Always do your research before choosing a breeder. Visit the facility, meet the sire and dam, and interview previous buyers. Is the puppy outgoing, friendly, and happy? Those are usually good indicators of early socialization. If choosing a Labradoodle from a rescue, try to obtain as much history as possible to ensure a good fit.”
Jenny Williams-  Happy Go Lucky Labradoodles

Look for a breeder who is temperament testing at seven weeks or later. If you choose a puppy based on its looks at three days or even three weeks, you will know nothing about that puppy. You may want a hunting dog and you’ll end up with a couch potato. You may be looking for a couch potato and end up with an extremely high energy puppy. Not having a puppy with the correct temperament is one of the leading reasons dogs are turned into shelters. Your breeder should have an application for you to fill out and a contract with a health guarantee to sign.”
Carolyn DeBar-  Doodle Around

Personality: if the dog has a high drive and wants to run and play all the time, it wouldn’t enjoy life sitting in front of the fires and having grandma hold it. The person choosing a Labradoodle needs to know what they want from the Labradoodle and what they expect of their new dog.”
JoAn Ellsworth-  EllsWORTH Labradoodles LLC

Question #2:  What are some of the most unique characteristics of the breed?

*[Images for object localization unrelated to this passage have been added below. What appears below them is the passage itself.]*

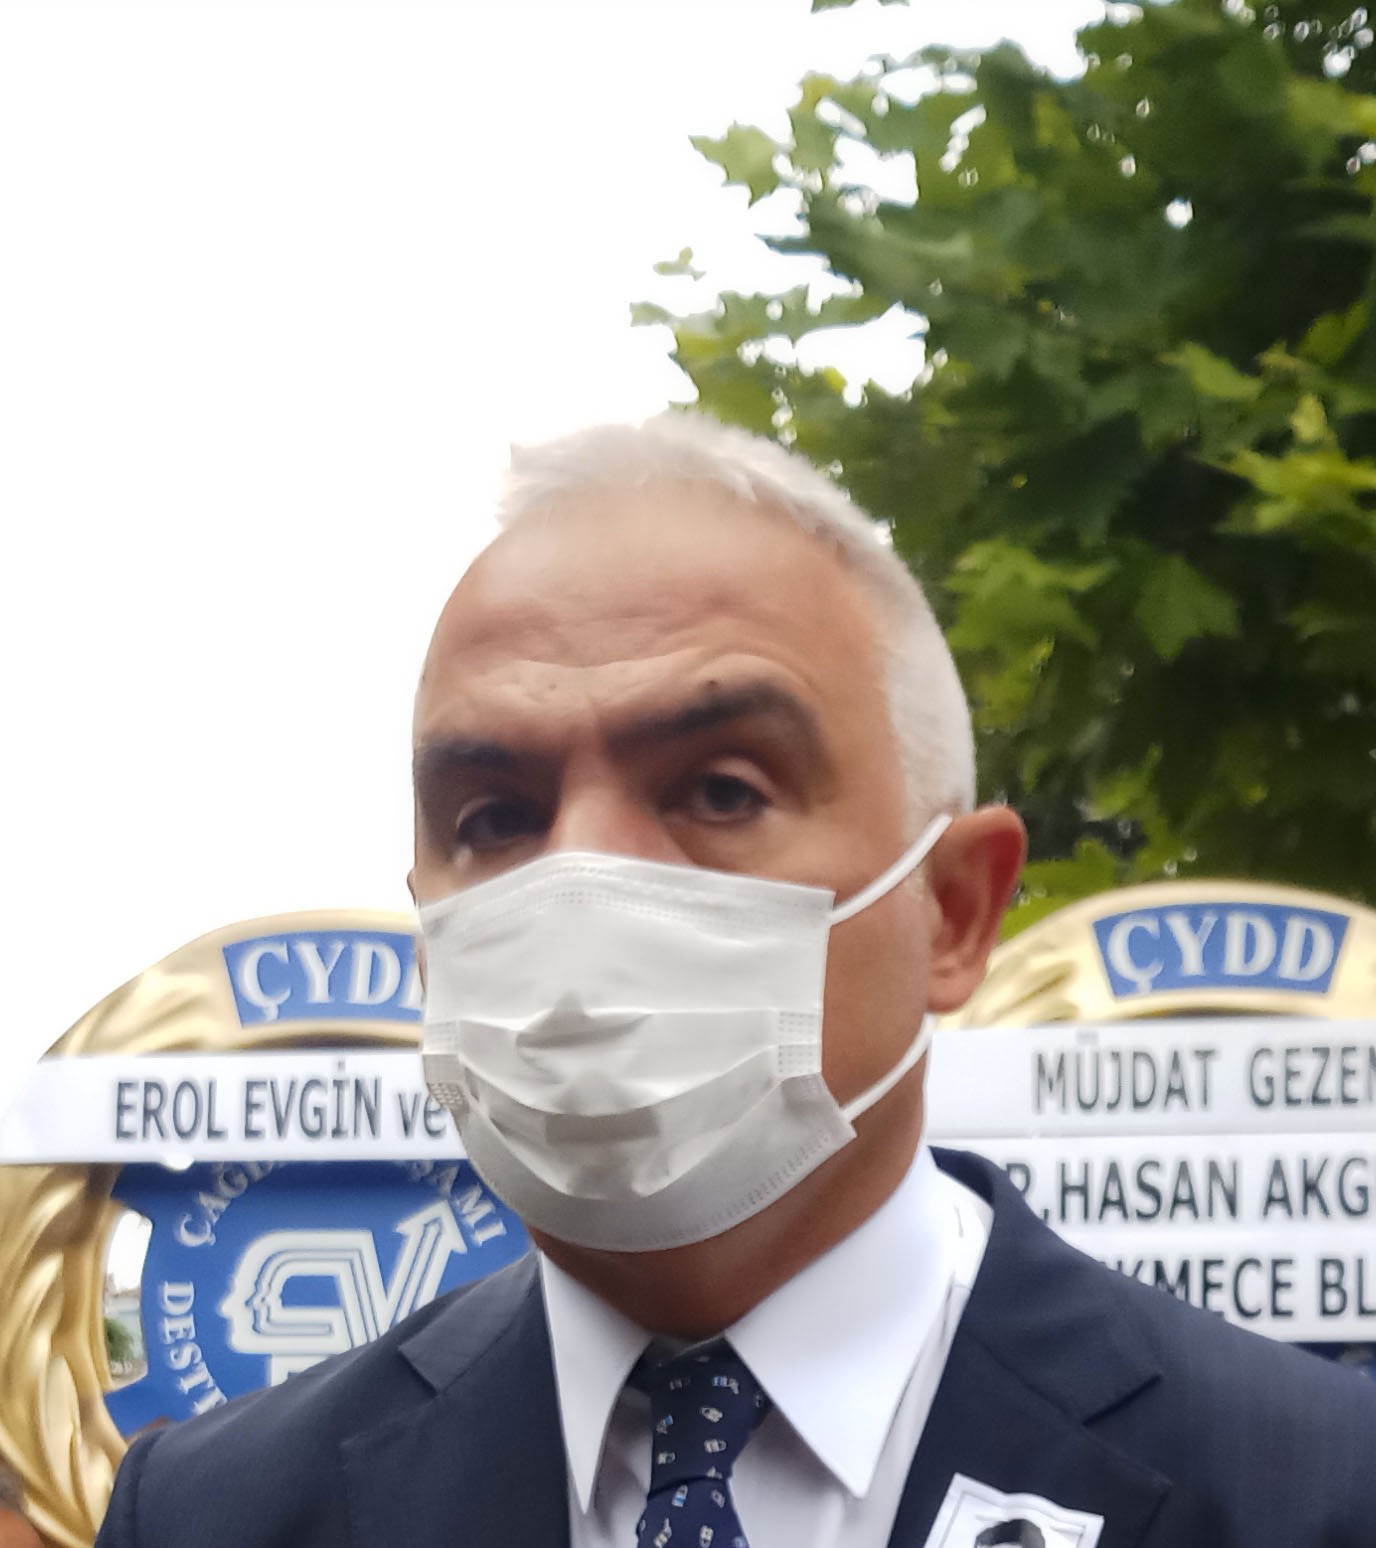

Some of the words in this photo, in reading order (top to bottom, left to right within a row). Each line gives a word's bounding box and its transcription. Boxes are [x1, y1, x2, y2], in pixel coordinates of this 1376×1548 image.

[1106, 912, 1333, 993] ÇYDD
[114, 1079, 228, 1141] EROL
[244, 1060, 381, 1139] EVGİN
[398, 1090, 447, 1138] ve
[1035, 1032, 1217, 1114] MÜJDAT

Labradoodle CharacteristicsConsensus:
 While the Labradoodle breed is often best known for its wavy, low or no-shed coats that tend to be easy on allergy sufferers, it is their unique nature that is most apparent. They tend to be exceptionally friendly and social canines with both high intelligence as well as a strong intuition about the people around them. This breed tends to be extremely adaptable, moving from service dog type work to active play and back again with ease.

Best Quotes:

Their friendliness and social nature. How intuitive they are with people and emotions, a trait that makes them wonderful for families that have a special needs or autistic family member or for those wanting to participate in a pet therapy or visitation program.”
Chad and Kristi Coopsha-  Riverbend Labradoodles

Labradoodles are intelligent dogs that are typically easy to train and possess good temperaments. They are social, sensitive, and loyal. Their most unique physical characteristic is a wavy, growing coat that is typically allergy friendly and non-shedding.”
Rochelle Woods-  Spring Creek Labradoodles

I always tell potential puppy families, if you like a Lab, you’ll love a Labradoodle. The friendliness and outgoing personality of a Lab and the smarts of a Poodle. Most ‘doodles think they are people and act accordingly. They love being in close contact with their family, often placing a paw on their person.”
Jenny Williams-  Happy Go Lucky Labradoodles

Their personalities are what sets them apart. They are fun and playful, yet light and easy-going.”
Jenny Walters-  Blessings Labradoodles

Question #3:  What do most people not know about Labradoodles that would surprise them?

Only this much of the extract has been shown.